** Opening Task input block **

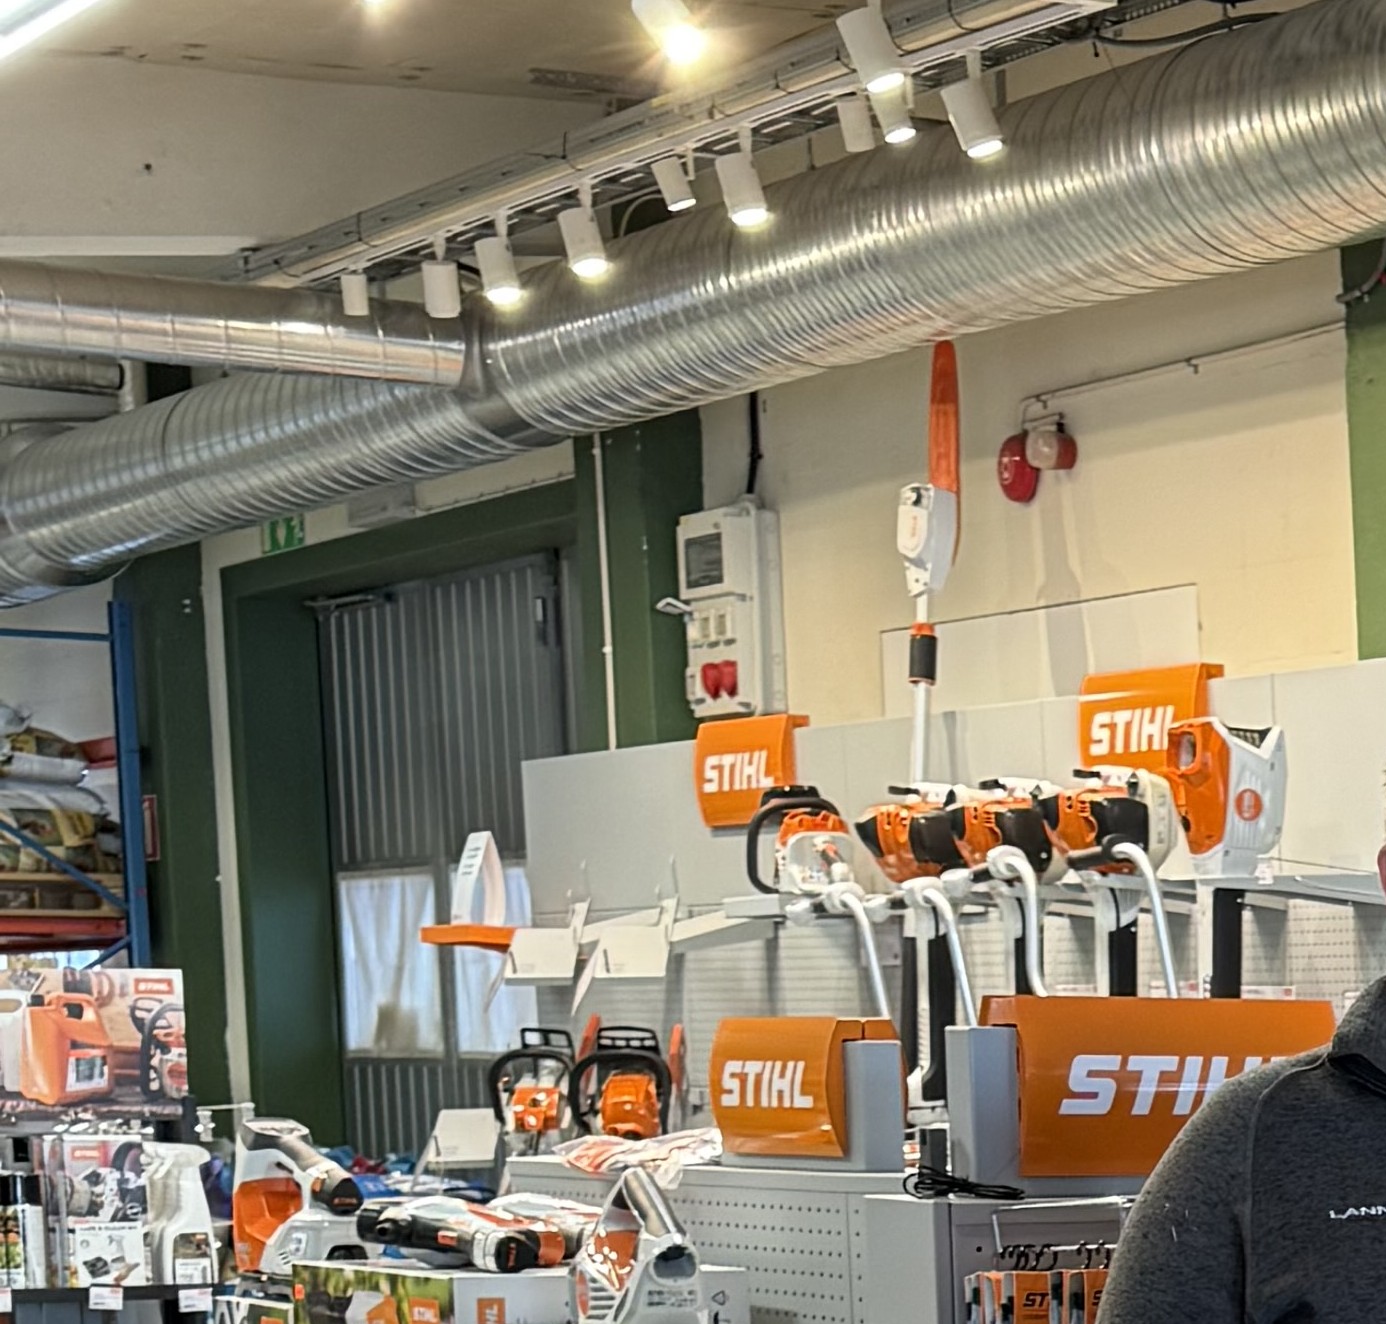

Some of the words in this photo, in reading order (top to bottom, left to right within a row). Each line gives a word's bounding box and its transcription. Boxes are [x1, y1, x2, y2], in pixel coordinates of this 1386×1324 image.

[1089, 705, 1175, 757] STIHL
[703, 749, 774, 794] STIHL
[720, 1060, 814, 1110] STIHL
[1058, 1054, 1287, 1116] STI
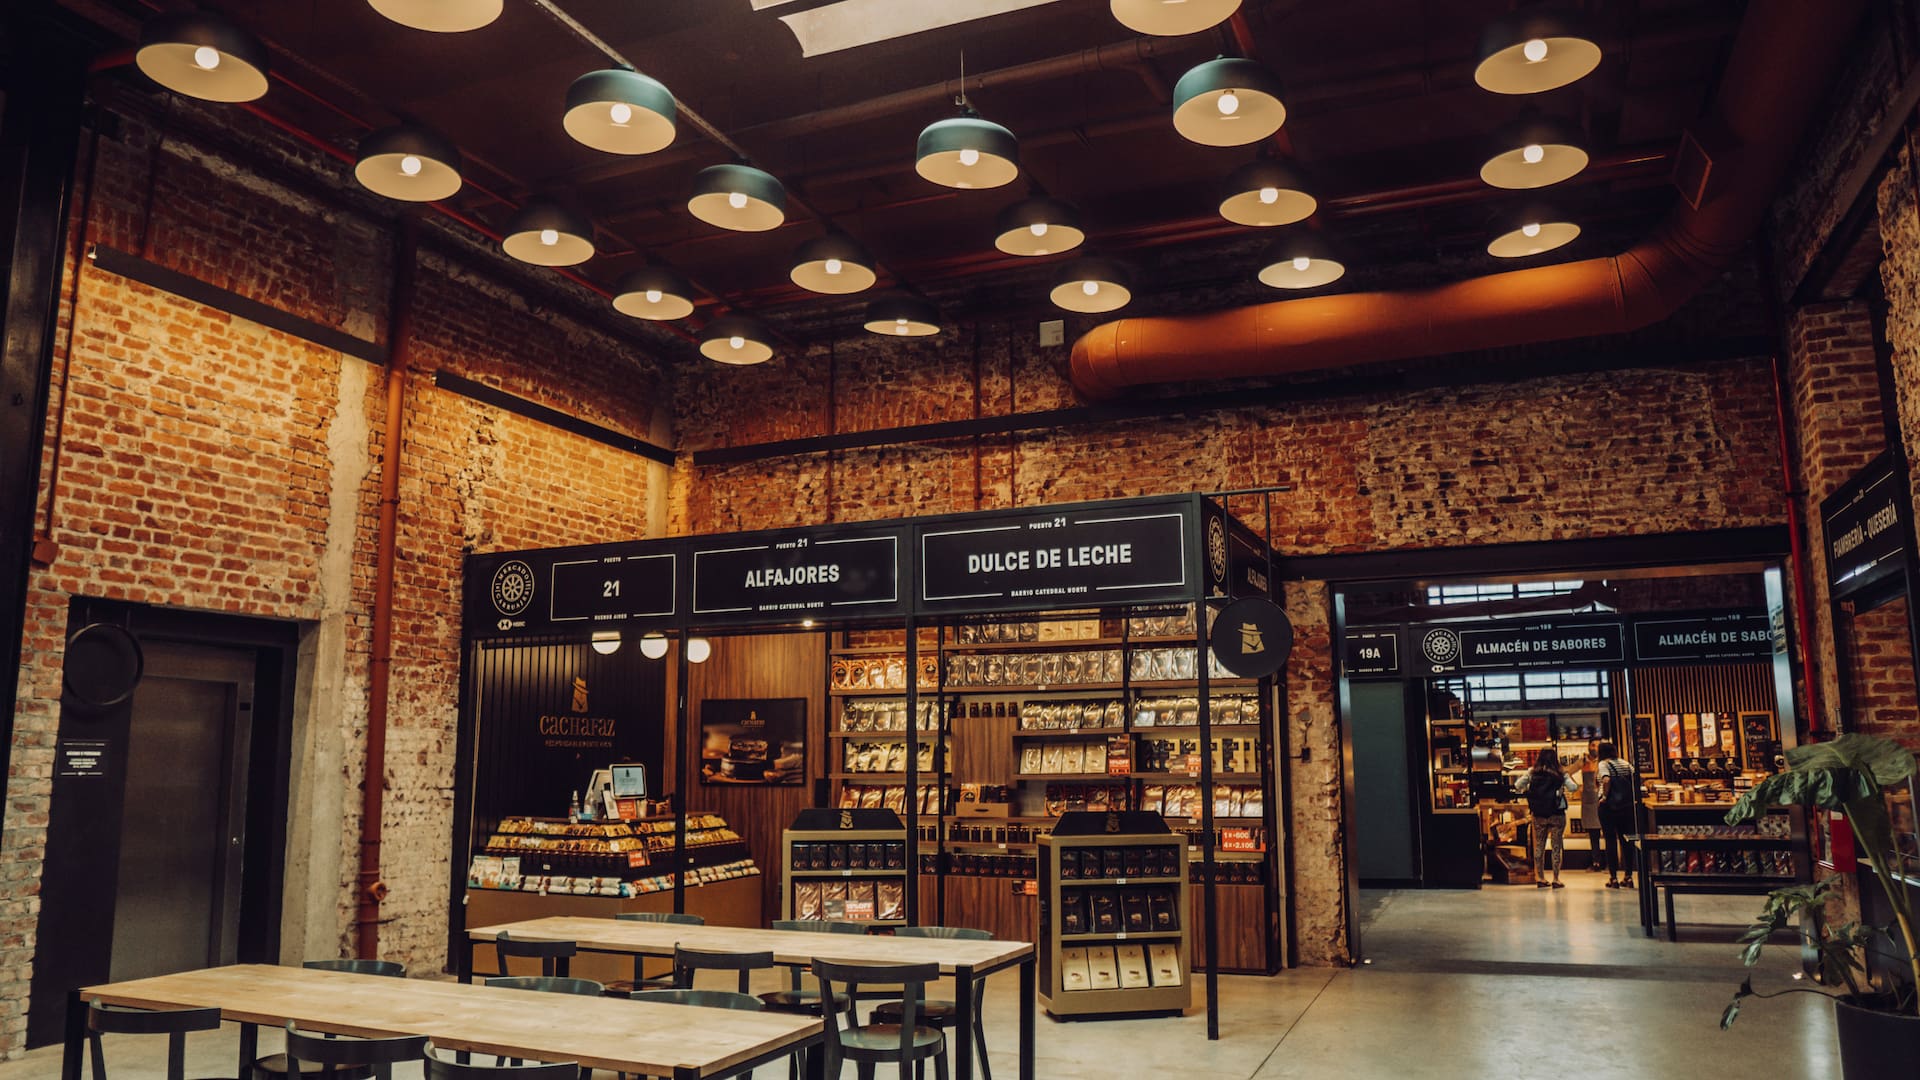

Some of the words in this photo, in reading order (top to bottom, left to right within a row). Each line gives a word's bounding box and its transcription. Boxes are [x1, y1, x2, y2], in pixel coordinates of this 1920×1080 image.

[1029, 522, 1052, 530] PUERTO
[1054, 517, 1066, 528] 21
[1867, 498, 1898, 540] QUESERÍA
[797, 538, 808, 548] 21
[968, 551, 1030, 574] DULCE
[1036, 548, 1062, 568] DE
[1068, 544, 1132, 566] LECHE
[745, 564, 840, 588] ALFAJORES
[603, 580, 620, 597] 21
[1035, 588, 1066, 596] CATEDRAL
[1476, 640, 1529, 654] ALMACÉN
[1533, 640, 1548, 652] DE
[1552, 638, 1606, 650] SABORES
[1658, 630, 1717, 646] ALMACÉN
[1720, 632, 1737, 642] DE
[1360, 648, 1381, 659] 19A
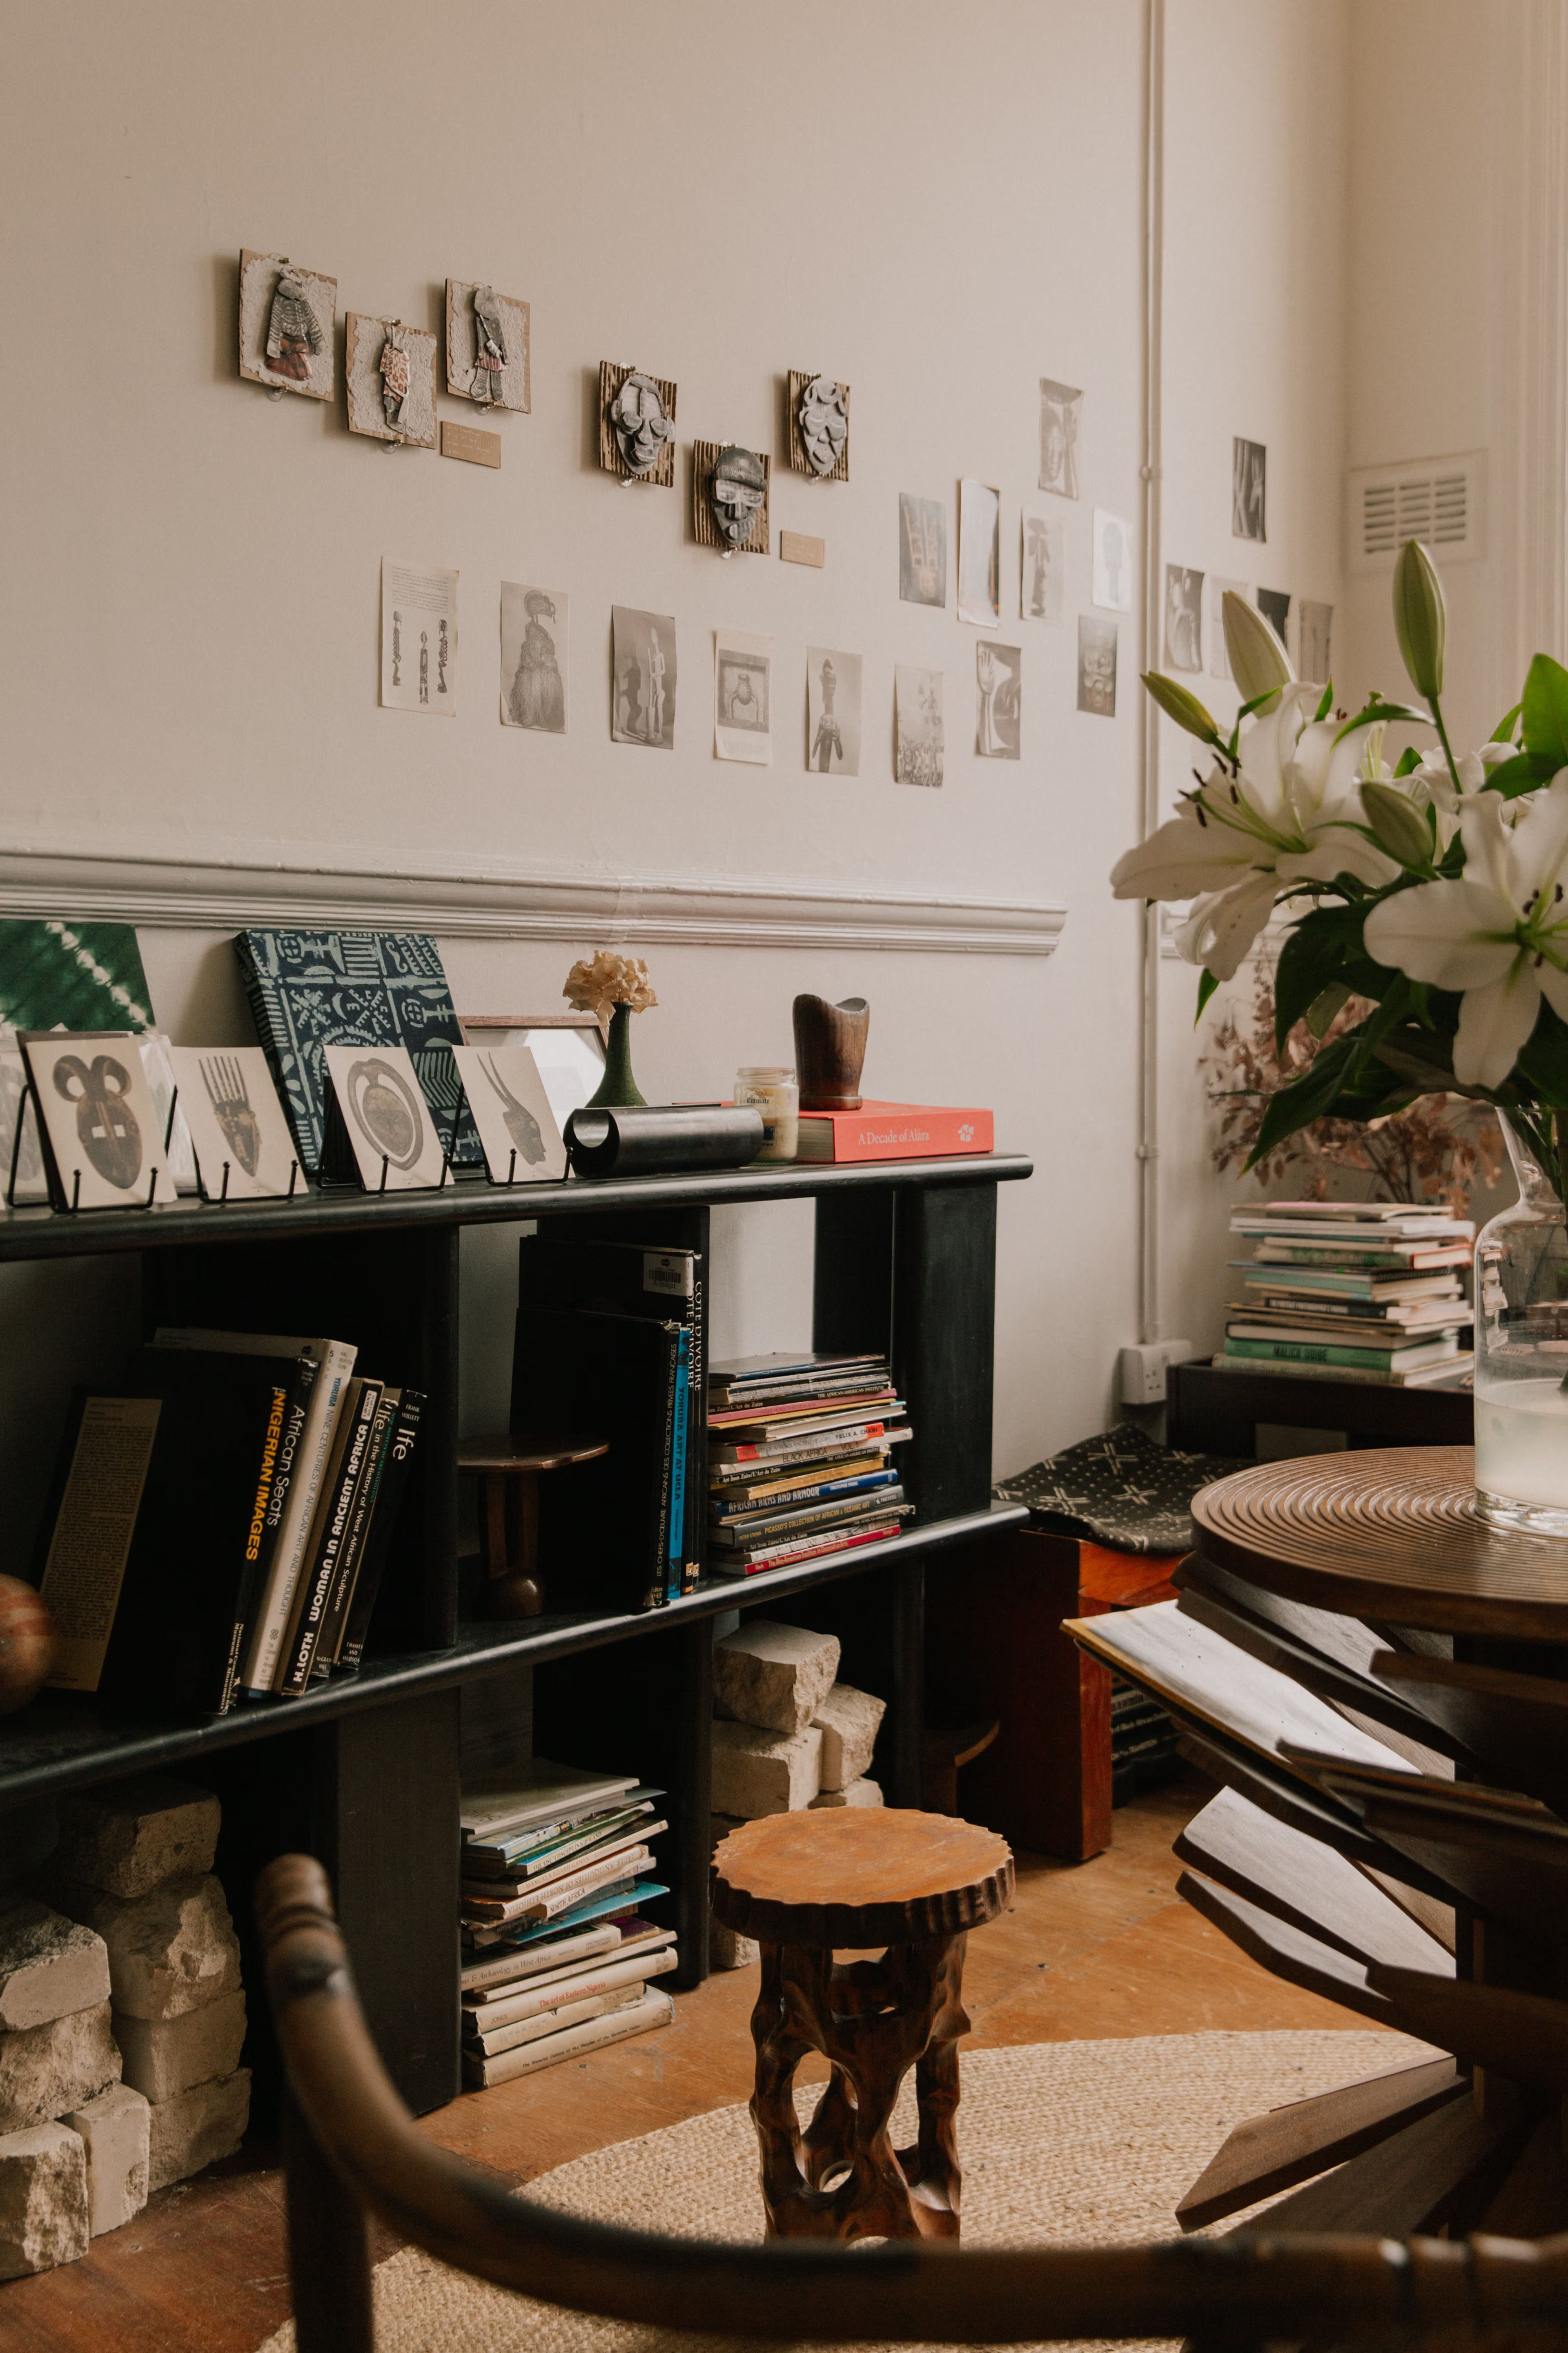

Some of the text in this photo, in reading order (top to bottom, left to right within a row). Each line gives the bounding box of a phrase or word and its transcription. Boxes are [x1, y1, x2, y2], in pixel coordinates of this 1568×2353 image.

[858, 1133, 866, 1144] A
[866, 1130, 898, 1144] Decade
[899, 1128, 908, 1142] of
[826, 1388, 864, 1398] AFRICAN-AMERICAN
[402, 1412, 420, 1422] WILLETT
[405, 1404, 421, 1413] FRANK
[392, 1428, 416, 1460] Ife
[664, 1410, 673, 1455] COLLECTIONS
[347, 1424, 368, 1475] AFRICA
[782, 1447, 827, 1463] BLACK AFRICA
[841, 1442, 854, 1451] VOL
[245, 1392, 287, 1561] NIGERIAN IMAGES
[267, 1404, 305, 1526] African Seats
[675, 1459, 682, 1470] AT
[741, 1470, 764, 1479] Zaire/L'Art
[279, 1377, 341, 1616] YORUBA NINE CENTURIES OF AFRICAN ART AND THOUGHT
[830, 1482, 848, 1490] CHRISTOPHER
[880, 1494, 897, 1503] PRESTEL
[332, 1476, 354, 1536] ANCIENT
[334, 1409, 390, 1612] Ife in the History of West African Sculpture
[728, 1487, 820, 1513] AFRICAN ARMS AND ARMOUR
[764, 1522, 788, 1534] PICASSO'S
[788, 1515, 814, 1528] COLLECTION
[822, 1509, 840, 1519] AFRICAN
[844, 1503, 862, 1514] OCEANIC
[327, 1540, 339, 1555] IN
[775, 1553, 802, 1566] Afro-American
[802, 1550, 816, 1559] Tradition
[309, 1558, 333, 1622] WOMAN
[229, 1622, 240, 1656] Museums
[235, 1623, 244, 1655] National
[346, 1642, 363, 1650] THAMES
[293, 1632, 314, 1683] H.LOTH
[343, 1655, 360, 1663] HUDSON
[220, 1667, 232, 1710] Monuments
[227, 1655, 238, 1700] Commission
[554, 1846, 574, 1860] CONCEPT
[525, 1857, 589, 1889] MANCALA BOARD GAMES
[575, 1863, 612, 1883] ANTIQUITIES
[507, 1895, 539, 1915] ETHIOPIA
[541, 1886, 566, 1902] NORTH
[550, 1899, 566, 1914] NORTH
[567, 1887, 585, 1905] AFRICA
[479, 1966, 512, 1981] Archaeology
[520, 1957, 535, 1968] West
[535, 1954, 551, 1965] Africa
[539, 1981, 606, 2007] The art of Eastern Nigeria
[490, 2014, 508, 2024] JONES
[531, 2056, 548, 2065] Material
[550, 2051, 565, 2059] Culture
[581, 2041, 595, 2049] Peoples

** Closing Task input block **

Would you please set down the data above again exactly, without its pictures?

Some of the words in this photo, in reading order (top to bottom, left to right within a row). Each line gives a word's bounding box and its transcription. Boxes are [x1, y1, x2, y2], in pixel coordinates of this 1386×1324 image.

[1089, 705, 1175, 757] STIHL
[703, 749, 774, 794] STIHL
[720, 1060, 814, 1110] STIHL
[1058, 1054, 1287, 1116] STI

Some of the words in this photo, in reading order (top to bottom, left to right within a row). Each line gives a word's bounding box and its transcription. Boxes are [x1, y1, x2, y2], in pixel coordinates of this 1920×1080 image.

[1029, 522, 1052, 530] PUERTO
[1054, 517, 1066, 528] 21
[1867, 498, 1898, 540] QUESERÍA
[797, 538, 808, 548] 21
[968, 551, 1030, 574] DULCE
[1036, 548, 1062, 568] DE
[1068, 544, 1132, 566] LECHE
[745, 564, 840, 588] ALFAJORES
[603, 580, 620, 597] 21
[1035, 588, 1066, 596] CATEDRAL
[1476, 640, 1529, 654] ALMACÉN
[1533, 640, 1548, 652] DE
[1552, 638, 1606, 650] SABORES
[1658, 630, 1717, 646] ALMACÉN
[1720, 632, 1737, 642] DE
[1360, 648, 1381, 659] 19A

Some of the text in this photo, in reading order (top to bottom, left to right within a row). Each line gives the bounding box of a phrase or word and its transcription. Boxes are [x1, y1, x2, y2], in pixel coordinates of this 1568×2353 image.

[858, 1133, 866, 1144] A
[866, 1130, 898, 1144] Decade
[899, 1128, 908, 1142] of
[826, 1388, 864, 1398] AFRICAN-AMERICAN
[402, 1412, 420, 1422] WILLETT
[405, 1404, 421, 1413] FRANK
[392, 1428, 416, 1460] Ife
[664, 1410, 673, 1455] COLLECTIONS
[347, 1424, 368, 1475] AFRICA
[782, 1447, 827, 1463] BLACK AFRICA
[841, 1442, 854, 1451] VOL
[245, 1392, 287, 1561] NIGERIAN IMAGES
[267, 1404, 305, 1526] African Seats
[675, 1459, 682, 1470] AT
[741, 1470, 764, 1479] Zaire/L'Art
[279, 1377, 341, 1616] YORUBA NINE CENTURIES OF AFRICAN ART AND THOUGHT
[830, 1482, 848, 1490] CHRISTOPHER
[880, 1494, 897, 1503] PRESTEL
[332, 1476, 354, 1536] ANCIENT
[334, 1409, 390, 1612] Ife in the History of West African Sculpture
[728, 1487, 820, 1513] AFRICAN ARMS AND ARMOUR
[764, 1522, 788, 1534] PICASSO'S
[788, 1515, 814, 1528] COLLECTION
[822, 1509, 840, 1519] AFRICAN
[844, 1503, 862, 1514] OCEANIC
[327, 1540, 339, 1555] IN
[775, 1553, 802, 1566] Afro-American
[802, 1550, 816, 1559] Tradition
[309, 1558, 333, 1622] WOMAN
[229, 1622, 240, 1656] Museums
[235, 1623, 244, 1655] National
[346, 1642, 363, 1650] THAMES
[293, 1632, 314, 1683] H.LOTH
[343, 1655, 360, 1663] HUDSON
[220, 1667, 232, 1710] Monuments
[227, 1655, 238, 1700] Commission
[554, 1846, 574, 1860] CONCEPT
[525, 1857, 589, 1889] MANCALA BOARD GAMES
[575, 1863, 612, 1883] ANTIQUITIES
[507, 1895, 539, 1915] ETHIOPIA
[541, 1886, 566, 1902] NORTH
[550, 1899, 566, 1914] NORTH
[567, 1887, 585, 1905] AFRICA
[479, 1966, 512, 1981] Archaeology
[520, 1957, 535, 1968] West
[535, 1954, 551, 1965] Africa
[539, 1981, 606, 2007] The art of Eastern Nigeria
[490, 2014, 508, 2024] JONES
[531, 2056, 548, 2065] Material
[550, 2051, 565, 2059] Culture
[581, 2041, 595, 2049] Peoples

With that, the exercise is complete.